Tax evasion causes government to lose revenue, and in turn aggravates any public debt situation. However, whether it can be asserted that tax evasion is the major cause of the major debt situations such as the one going in Europe, in my opinion, is quite debatable.

To begin with, it would be an over simplification to derive the loss of revenue by multiplying together the size of shadow economy and the average tax rate, which assumes that the “shadow” transactions would have happened anyway even if they had been taxed upon.  With taxes as added transaction costs, I find such an assumption hard to hold.  The record industry sometimes likes to multiply the number of illegal downloads with the price of some copyrighted works, and go “ta-da, that’s how much money we’ve lost to piracy!” If that sounds absurd, well, it’s just as absurd in the tax revenue scenario.

I’m also not convinced that, had the European governments suffered less tax losses, they would not be in these debt situations now.  Sure, if somehow some alien super-beings suddenly showed up now, miraculously recovered a couple trillions of lost tax revenue, and dropped it right into the Europeans’ collective laps, yeah, it would help tremendously. But that is different from if they had the however many trillions from the get go, because evidently their politicians didn’t go by “don’t spend the Euro you don’t have” – or they wouldn’t have driven these countries into deep debts in the first place.

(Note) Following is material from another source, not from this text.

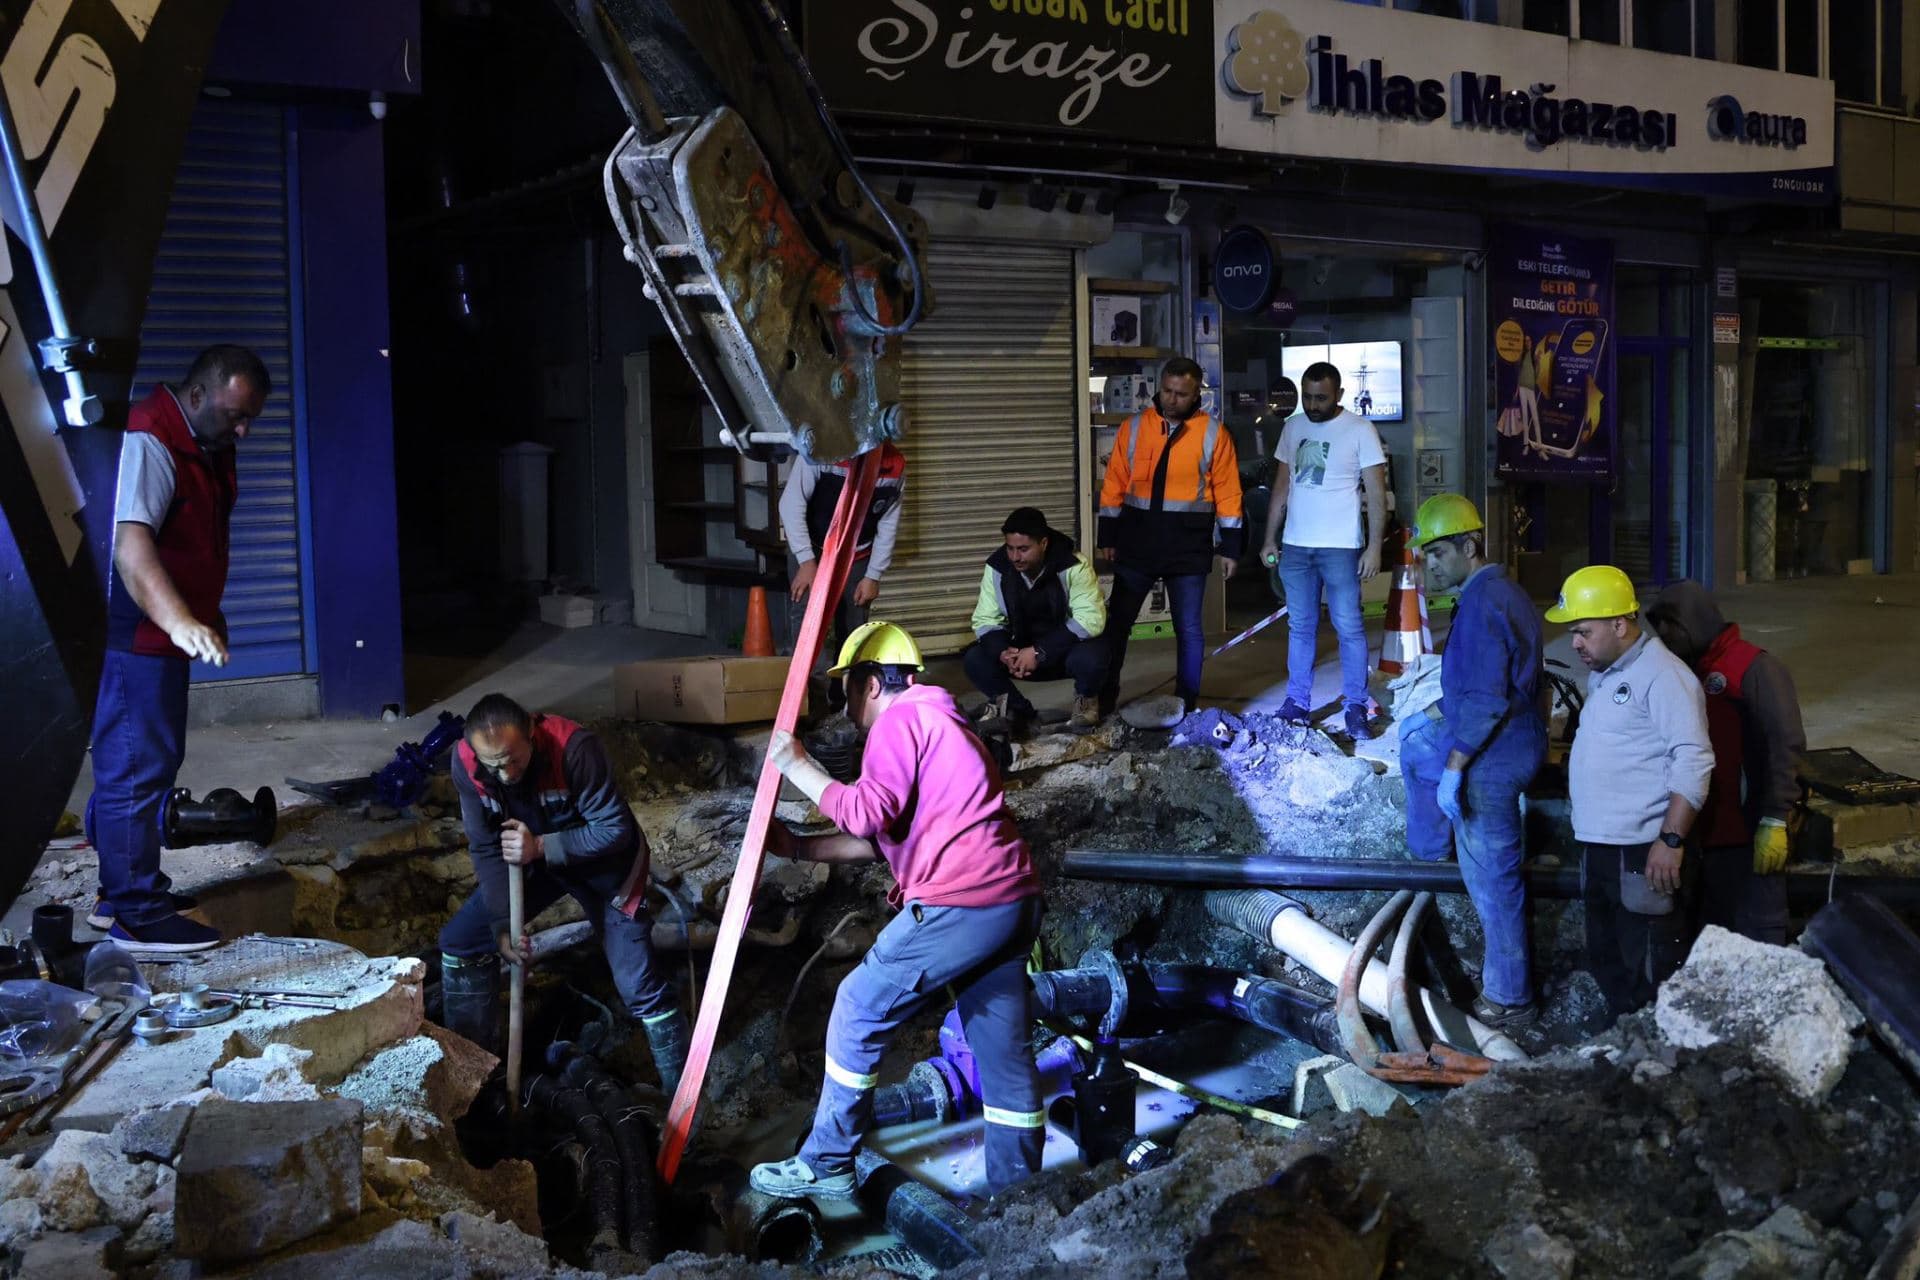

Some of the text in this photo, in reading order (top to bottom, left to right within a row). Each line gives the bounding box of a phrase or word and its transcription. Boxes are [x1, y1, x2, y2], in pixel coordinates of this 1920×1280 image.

[1309, 35, 1677, 151] İhlas Mağazası
[1772, 177, 1824, 192] ZONGULDAK
[1557, 297, 1600, 316] GÖTÜR

The game they have been playing is more like “spend x percent of GDP/tax revenue/future tax revenue”, where x seems to always get bigger and bigger and eventually over 100.  So I’m not sure it would have been different now, had they had those extra trillions. They would more likely have spent it all anyway, and then some.

On a side note, this report puts China’s shadow economy size at 12% of GDP. For a country where cash transactions still absolutely dominate the economy, I somehow find that hard to believe.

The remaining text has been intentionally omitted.